Identification of 2-Cys Peroxiredoxin (BmTPx-2) as Antioxidant Active Molecule from Babesia microti

Abstract

Peroxiredoxins (Prxs) are a family of antioxidant enzymes that reduce peroxides in the presence of thioredoxin, thioredoxin reductase, and nicotinamide adenine dinucleotide phosphate (NADPH) to resist oxidative stress. In this study, we identified and isolated a 2-Cys Prx designated as ‘Prx2’ from Babesia microti, with a full-length cDNA of 826 bp and an open reading frame (ORF) of 756 bp, which encodes a 251-amino acid protein. BLAST analysis demonstrated that Prx2 shows the typical features of members of the 2-Cys Prx family, which includes harboring two conserved VCP motifs with Cys101 and Cys221 conserved cysteine residues. Recombinant Prx2 was expressed in Escherichia coli and analyzed by western blot.
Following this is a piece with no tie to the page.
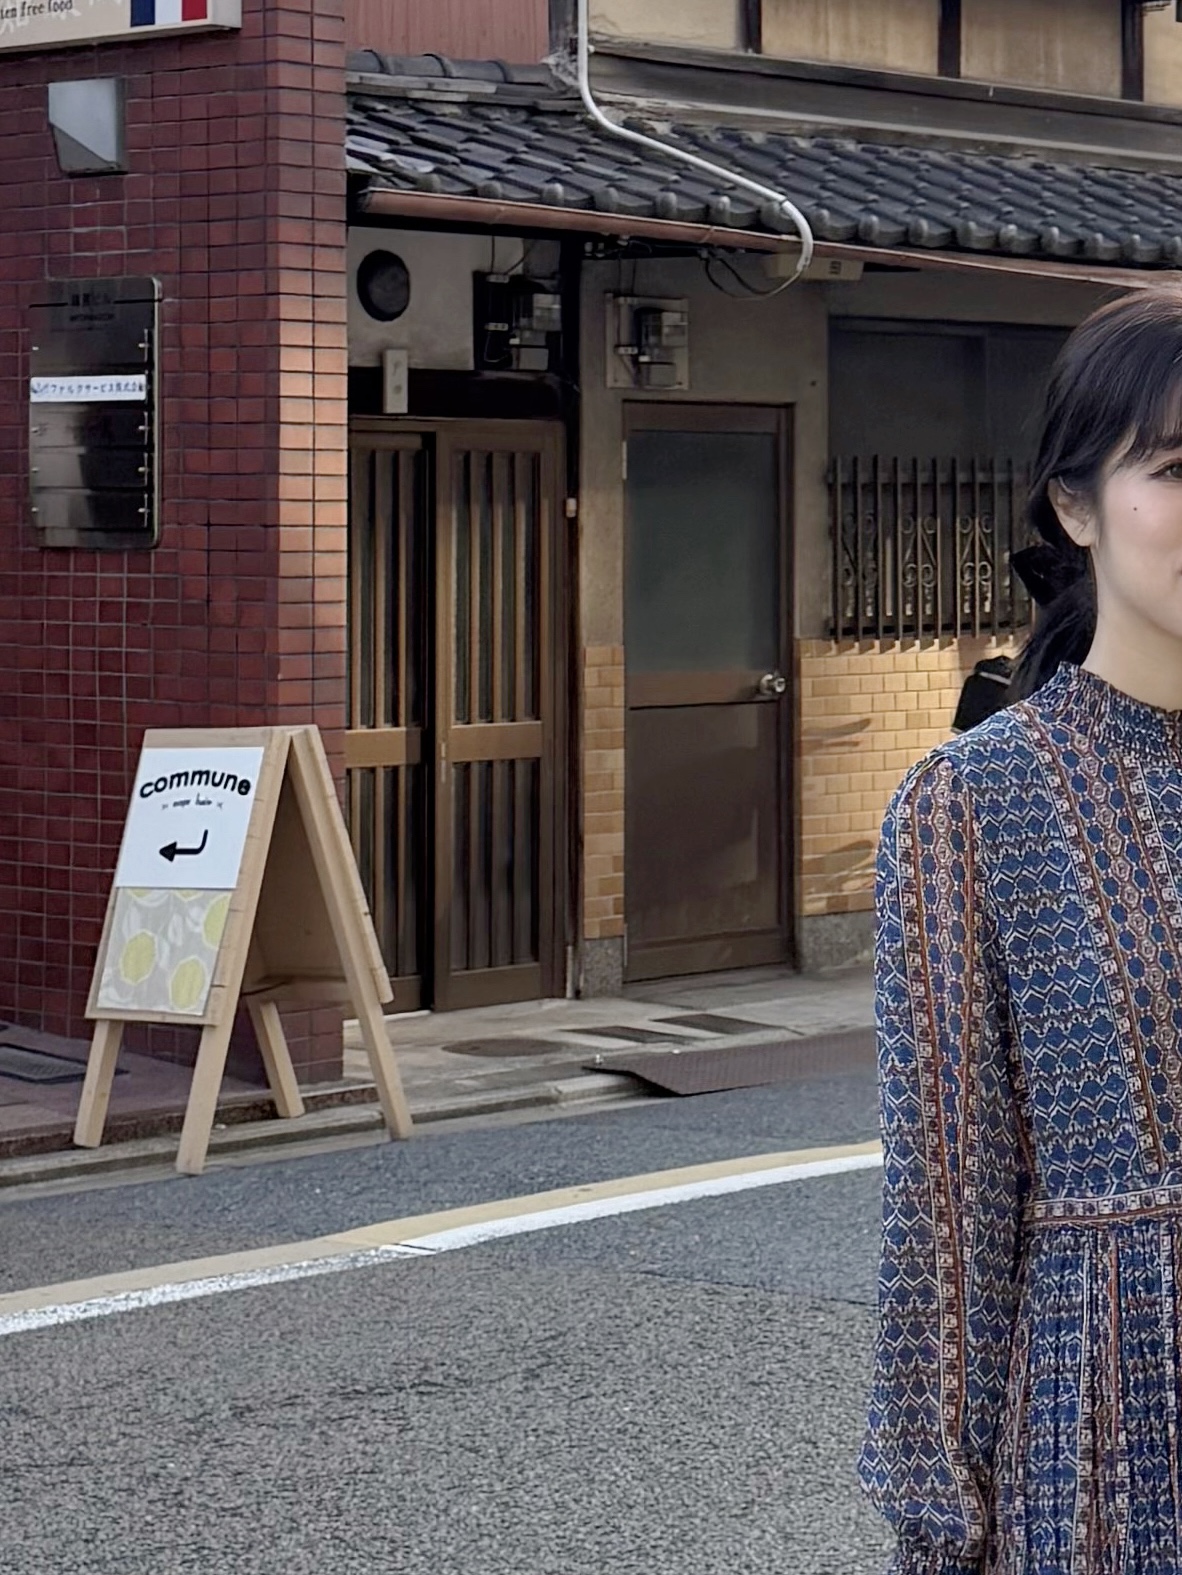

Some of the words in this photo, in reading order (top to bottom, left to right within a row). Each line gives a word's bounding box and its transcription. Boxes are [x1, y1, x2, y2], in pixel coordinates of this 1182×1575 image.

[20, 1, 45, 17] free
[47, 0, 73, 13] food
[139, 769, 251, 798] commune
The antioxidant activity of Prx2 was demonstrated using a mixed-function oxidation (MFO) system and oxidation of NADPH. Furthermore, Prx2 mRNA expression level in parasites at the erythrocytes and tick stages were analyzed by real-time fluorescence quantitative PCR. Peak Prx2 mRNA transcription was detected eight days after infection at the erythrocyte stage, but not at the tick stage. Taken together, this study characterized Prx2 from B. microti as an antioxidant molecule that was specifically transcribed at the erythrocyte stage.